- What the exercise asks
Produce a verbatim copy of the records, and keep the images out of it.

Extracted records START

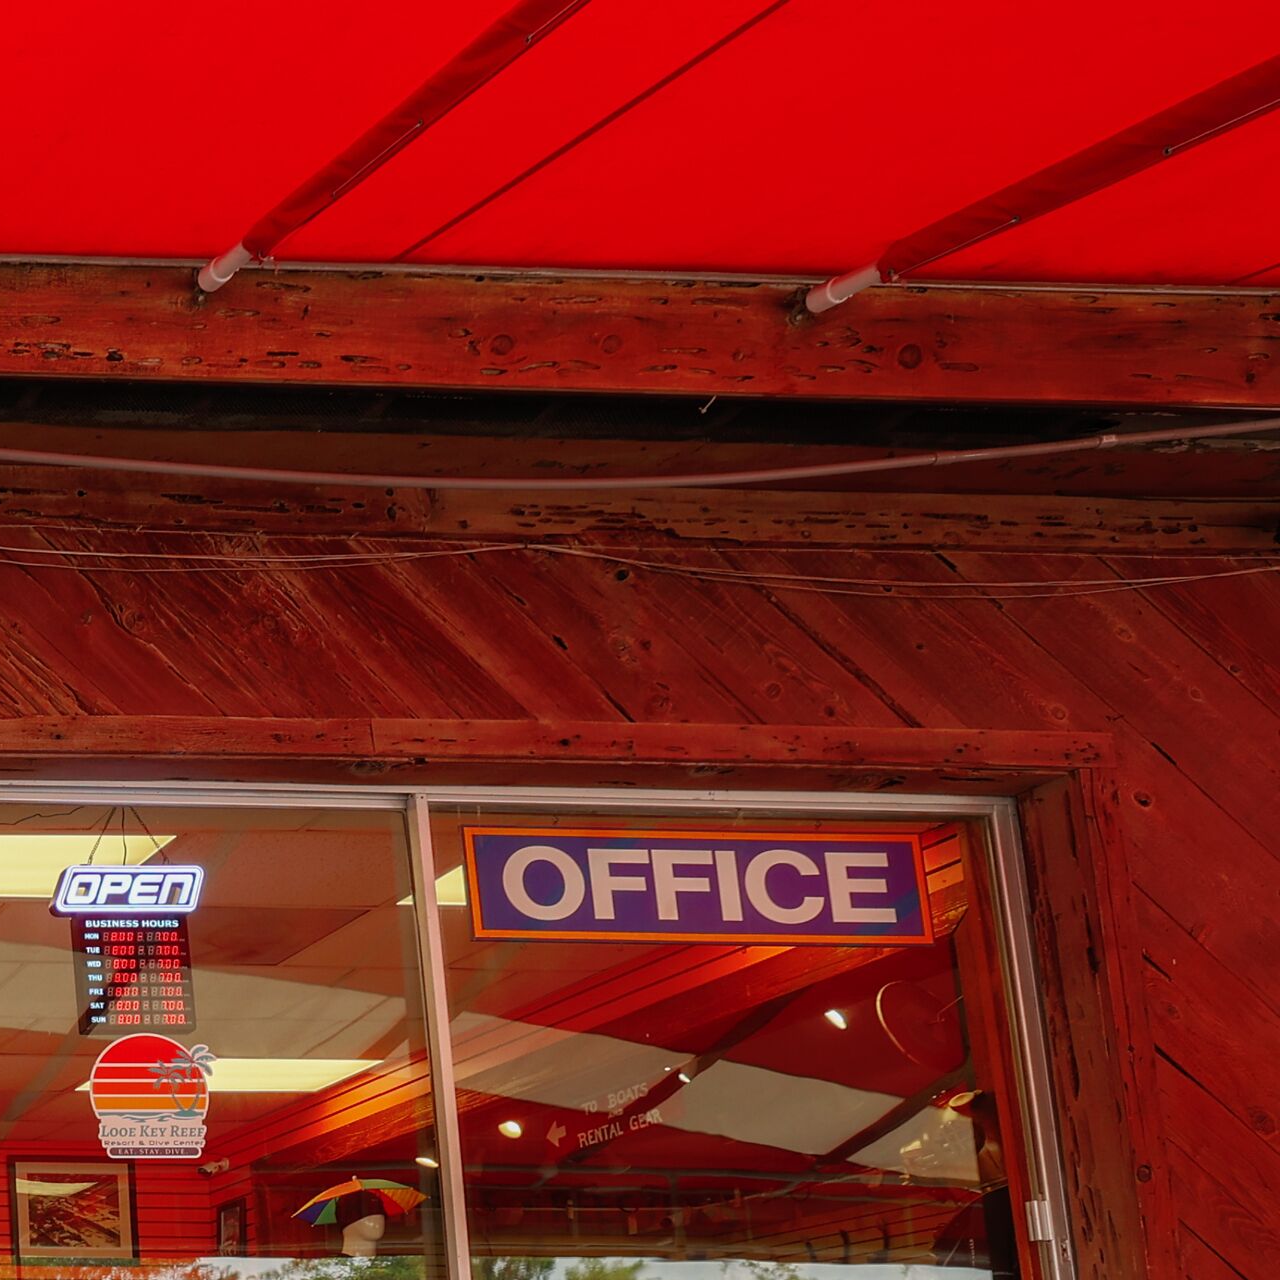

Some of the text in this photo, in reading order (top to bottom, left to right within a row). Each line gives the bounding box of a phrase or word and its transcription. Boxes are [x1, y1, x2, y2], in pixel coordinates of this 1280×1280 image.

[502, 844, 897, 925] OFFICE
[66, 873, 194, 905] OPEN
[85, 919, 179, 928] BUSINESS HOURS
[84, 932, 99, 940] MON
[86, 946, 100, 954] TUE
[87, 960, 102, 968] WED
[88, 974, 102, 982] THU
[89, 988, 104, 996] FRI
[90, 1002, 104, 1010] SAT
[91, 1016, 106, 1024] SUN
[581, 1082, 649, 1116] TO BOATS
[577, 1108, 663, 1148] RENTAL GEAR

Extracted records END

- Response to this exercise
Some of the text in this photo, in reading order (top to bottom, left to right within a row). Each line gives the bounding box of a phrase or word and its transcription. Boxes are [x1, y1, x2, y2], in pixel coordinates of this 1280×1280 image.

[502, 844, 897, 925] OFFICE
[66, 873, 194, 905] OPEN
[85, 919, 179, 928] BUSINESS HOURS
[84, 932, 99, 940] MON
[86, 946, 100, 954] TUE
[87, 960, 102, 968] WED
[88, 974, 102, 982] THU
[89, 988, 104, 996] FRI
[90, 1002, 104, 1010] SAT
[91, 1016, 106, 1024] SUN
[581, 1082, 649, 1116] TO BOATS
[577, 1108, 663, 1148] RENTAL GEAR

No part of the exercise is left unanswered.